• **ABOUT THIS EXERCISE**
Copy each line of the listing below exactly and drop the images.

-- DATA FOR THIS TASK follows --

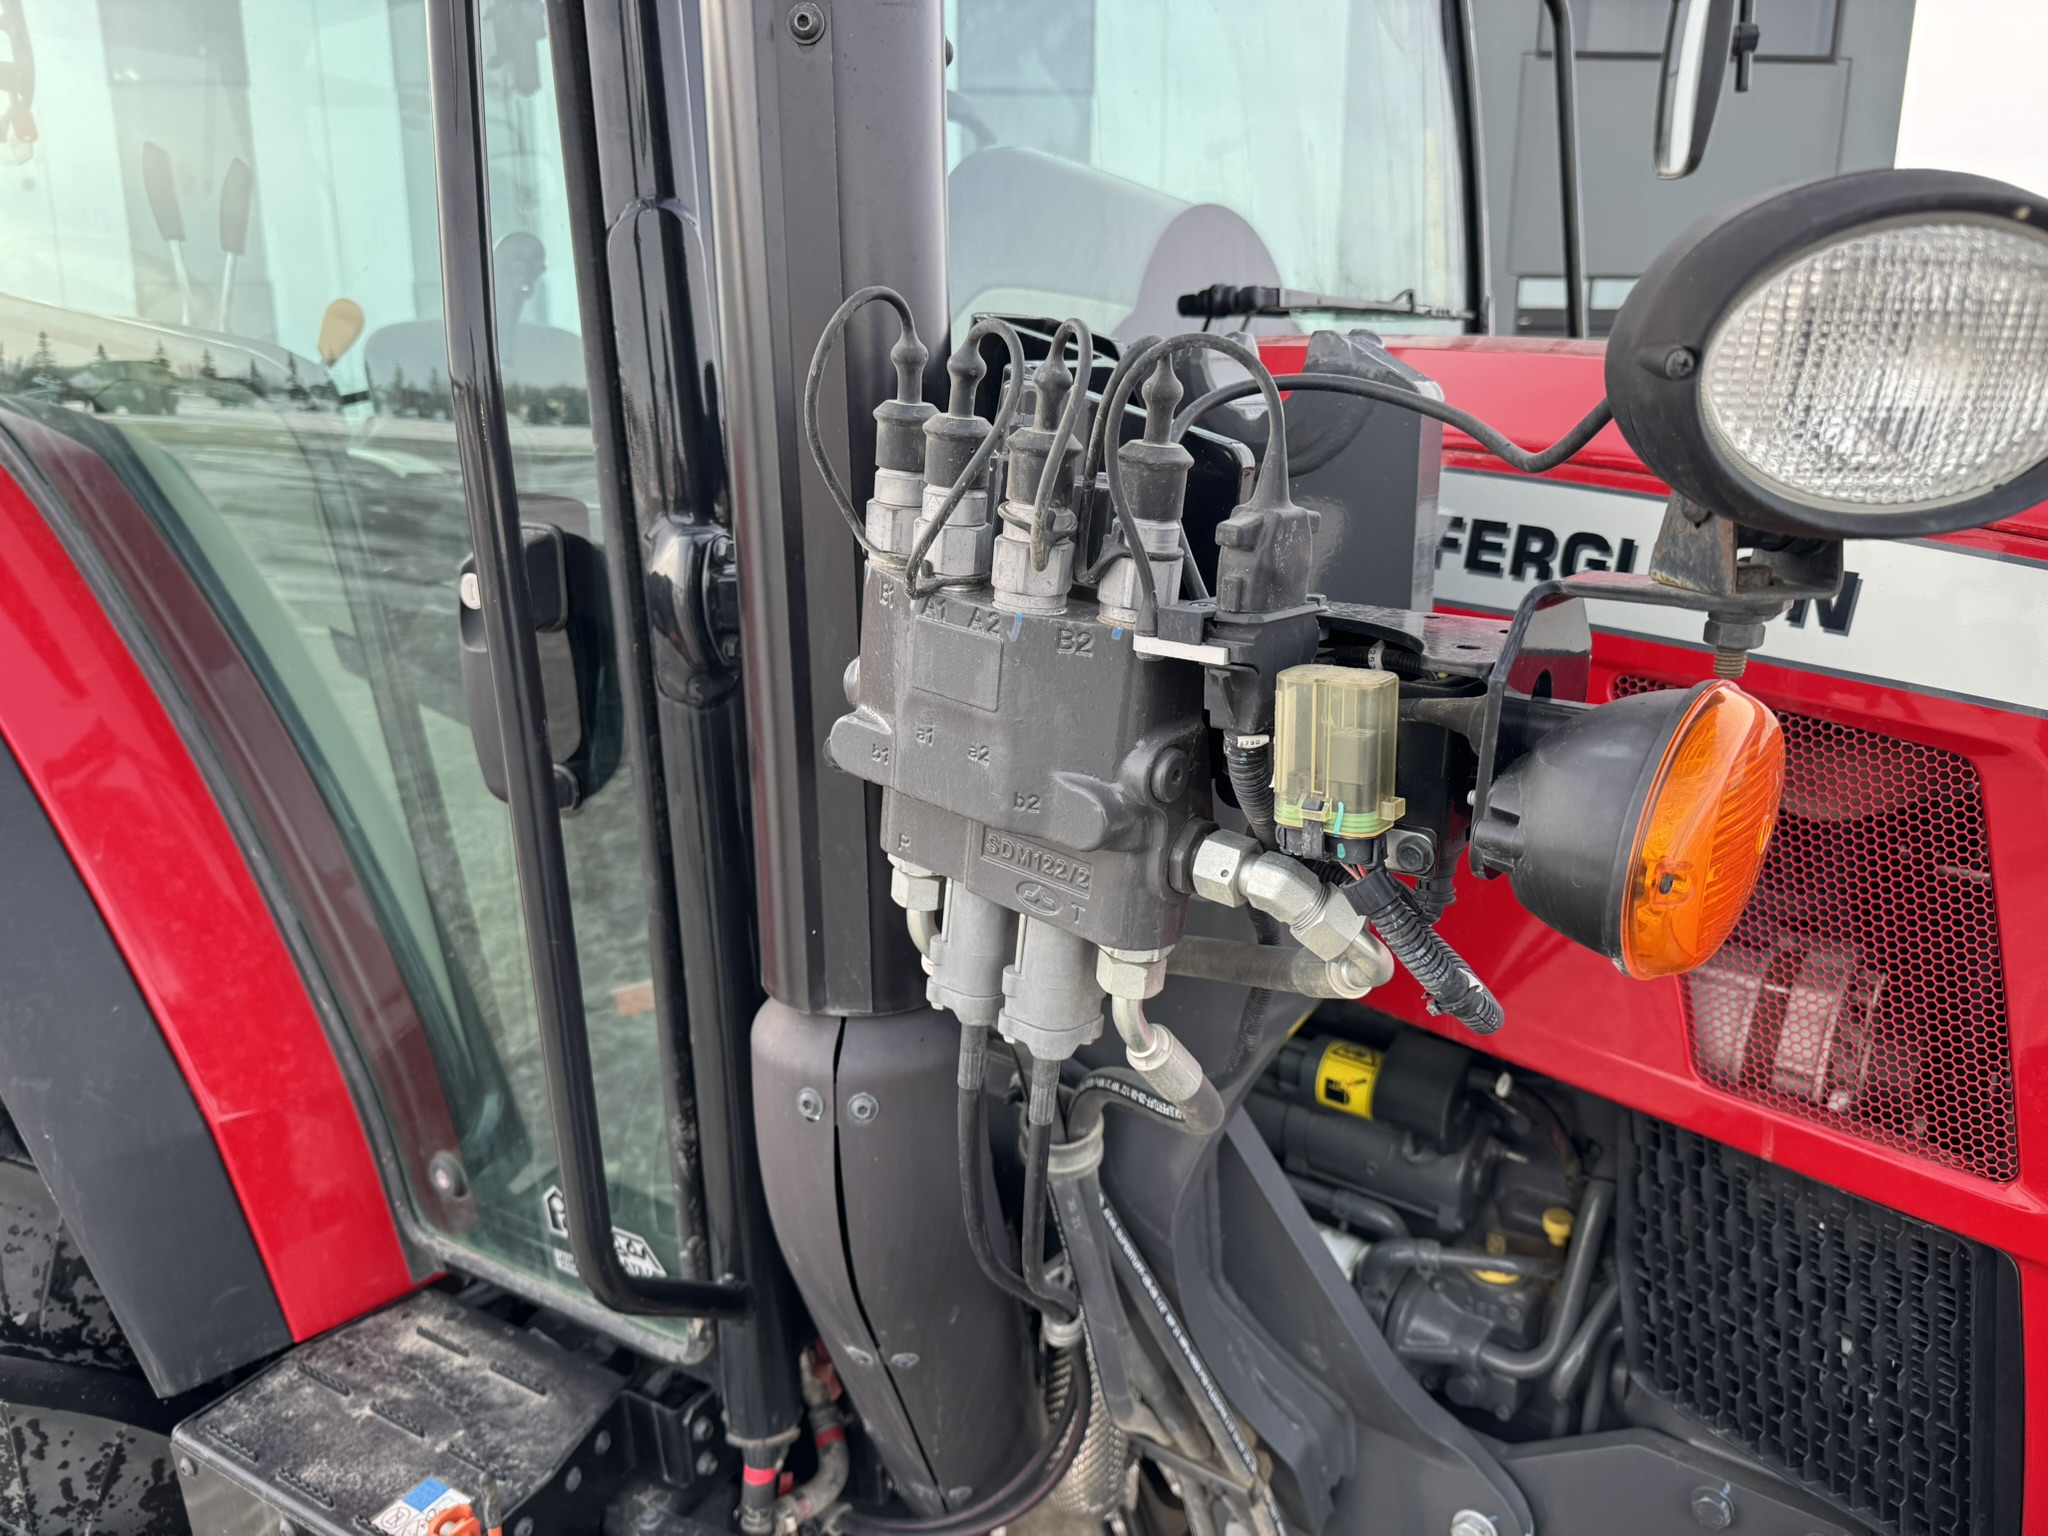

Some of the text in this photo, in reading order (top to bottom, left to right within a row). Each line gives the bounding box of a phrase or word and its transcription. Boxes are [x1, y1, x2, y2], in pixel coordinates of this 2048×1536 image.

[1435, 516, 1863, 636] FERGN
[921, 596, 947, 624] A1
[967, 607, 1001, 637] A2
[1055, 628, 1095, 658] B2
[916, 726, 934, 746] a1
[871, 743, 889, 765] b1
[967, 744, 991, 767] a2
[1013, 791, 1041, 814] b2
[986, 833, 1091, 889] SDM122/2
[1071, 902, 1086, 925] T

-- DATA FOR THIS TASK concluded --

• **OUTPUT FOR THIS TASK**
Some of the text in this photo, in reading order (top to bottom, left to right within a row). Each line gives the bounding box of a phrase or word and its transcription. Boxes are [x1, y1, x2, y2], in pixel coordinates of this 2048×1536 image.

[1435, 516, 1863, 636] FERGN
[921, 596, 947, 624] A1
[967, 607, 1001, 637] A2
[1055, 628, 1095, 658] B2
[916, 726, 934, 746] a1
[871, 743, 889, 765] b1
[967, 744, 991, 767] a2
[1013, 791, 1041, 814] b2
[986, 833, 1091, 889] SDM122/2
[1071, 902, 1086, 925] T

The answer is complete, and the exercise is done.